TASK: Take the records below and set them down exactly, so that every line matches the original.

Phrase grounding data
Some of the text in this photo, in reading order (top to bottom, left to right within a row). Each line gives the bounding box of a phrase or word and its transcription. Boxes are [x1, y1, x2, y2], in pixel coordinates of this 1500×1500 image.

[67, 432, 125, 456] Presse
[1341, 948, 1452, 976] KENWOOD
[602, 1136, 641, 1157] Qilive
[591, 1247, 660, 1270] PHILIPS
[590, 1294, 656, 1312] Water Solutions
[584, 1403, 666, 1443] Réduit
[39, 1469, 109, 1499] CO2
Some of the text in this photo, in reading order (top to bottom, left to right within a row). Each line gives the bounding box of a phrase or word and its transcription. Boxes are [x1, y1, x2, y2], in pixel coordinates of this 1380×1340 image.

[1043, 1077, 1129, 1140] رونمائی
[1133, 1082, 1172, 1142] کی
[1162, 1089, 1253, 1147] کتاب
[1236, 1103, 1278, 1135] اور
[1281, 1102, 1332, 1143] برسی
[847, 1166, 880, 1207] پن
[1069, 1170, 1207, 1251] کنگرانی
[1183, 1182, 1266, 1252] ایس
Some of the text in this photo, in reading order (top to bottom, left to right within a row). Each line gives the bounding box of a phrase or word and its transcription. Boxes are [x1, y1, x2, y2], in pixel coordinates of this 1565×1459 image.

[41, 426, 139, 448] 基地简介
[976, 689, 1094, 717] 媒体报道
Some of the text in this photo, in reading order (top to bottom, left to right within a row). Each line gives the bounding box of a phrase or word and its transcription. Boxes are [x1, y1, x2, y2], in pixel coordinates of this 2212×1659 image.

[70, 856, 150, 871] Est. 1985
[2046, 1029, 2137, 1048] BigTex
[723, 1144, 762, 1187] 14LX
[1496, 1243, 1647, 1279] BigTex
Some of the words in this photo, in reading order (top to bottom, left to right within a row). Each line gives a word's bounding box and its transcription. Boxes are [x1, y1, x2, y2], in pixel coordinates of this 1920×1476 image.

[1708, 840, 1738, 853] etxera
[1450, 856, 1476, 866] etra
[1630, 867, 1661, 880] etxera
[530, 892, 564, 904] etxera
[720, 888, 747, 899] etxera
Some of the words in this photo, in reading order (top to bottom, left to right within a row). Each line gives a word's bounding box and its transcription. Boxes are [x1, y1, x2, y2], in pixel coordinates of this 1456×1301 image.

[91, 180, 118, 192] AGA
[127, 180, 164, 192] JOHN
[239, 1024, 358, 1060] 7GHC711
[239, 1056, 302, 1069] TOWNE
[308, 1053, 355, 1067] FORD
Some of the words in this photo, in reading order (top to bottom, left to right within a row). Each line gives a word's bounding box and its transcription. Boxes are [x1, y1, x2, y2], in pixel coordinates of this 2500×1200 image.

ANSWER SECTION:
Some of the text in this photo, in reading order (top to bottom, left to right within a row). Each line gives the bounding box of a phrase or word and its transcription. Boxes are [x1, y1, x2, y2], in pixel coordinates of this 1500×1500 image.

[67, 432, 125, 456] Presse
[1341, 948, 1452, 976] KENWOOD
[602, 1136, 641, 1157] Qilive
[591, 1247, 660, 1270] PHILIPS
[590, 1294, 656, 1312] Water Solutions
[584, 1403, 666, 1443] Réduit
[39, 1469, 109, 1499] CO2
Some of the text in this photo, in reading order (top to bottom, left to right within a row). Each line gives the bounding box of a phrase or word and its transcription. Boxes are [x1, y1, x2, y2], in pixel coordinates of this 1380×1340 image.

[1043, 1077, 1129, 1140] رونمائی
[1133, 1082, 1172, 1142] کی
[1162, 1089, 1253, 1147] کتاب
[1236, 1103, 1278, 1135] اور
[1281, 1102, 1332, 1143] برسی
[847, 1166, 880, 1207] پن
[1069, 1170, 1207, 1251] کنگرانی
[1183, 1182, 1266, 1252] ایس
Some of the text in this photo, in reading order (top to bottom, left to right within a row). Each line gives the bounding box of a phrase or word and its transcription. Boxes are [x1, y1, x2, y2], in pixel coordinates of this 1565×1459 image.

[41, 426, 139, 448] 基地简介
[976, 689, 1094, 717] 媒体报道
Some of the text in this photo, in reading order (top to bottom, left to right within a row). Each line gives the bounding box of a phrase or word and its transcription. Boxes are [x1, y1, x2, y2], in pixel coordinates of this 2212×1659 image.

[70, 856, 150, 871] Est. 1985
[2046, 1029, 2137, 1048] BigTex
[723, 1144, 762, 1187] 14LX
[1496, 1243, 1647, 1279] BigTex
Some of the words in this photo, in reading order (top to bottom, left to right within a row). Each line gives a word's bounding box and its transcription. Boxes are [x1, y1, x2, y2], in pixel coordinates of this 1920×1476 image.

[1708, 840, 1738, 853] etxera
[1450, 856, 1476, 866] etra
[1630, 867, 1661, 880] etxera
[530, 892, 564, 904] etxera
[720, 888, 747, 899] etxera
Some of the words in this photo, in reading order (top to bottom, left to right within a row). Each line gives a word's bounding box and its transcription. Boxes are [x1, y1, x2, y2], in pixel coordinates of this 1456×1301 image.

[91, 180, 118, 192] AGA
[127, 180, 164, 192] JOHN
[239, 1024, 358, 1060] 7GHC711
[239, 1056, 302, 1069] TOWNE
[308, 1053, 355, 1067] FORD
Some of the words in this photo, in reading order (top to bottom, left to right within a row). Each line gives a word's bounding box and its transcription. Boxes are [x1, y1, x2, y2], in pixel coordinates of this 2500×1200 image.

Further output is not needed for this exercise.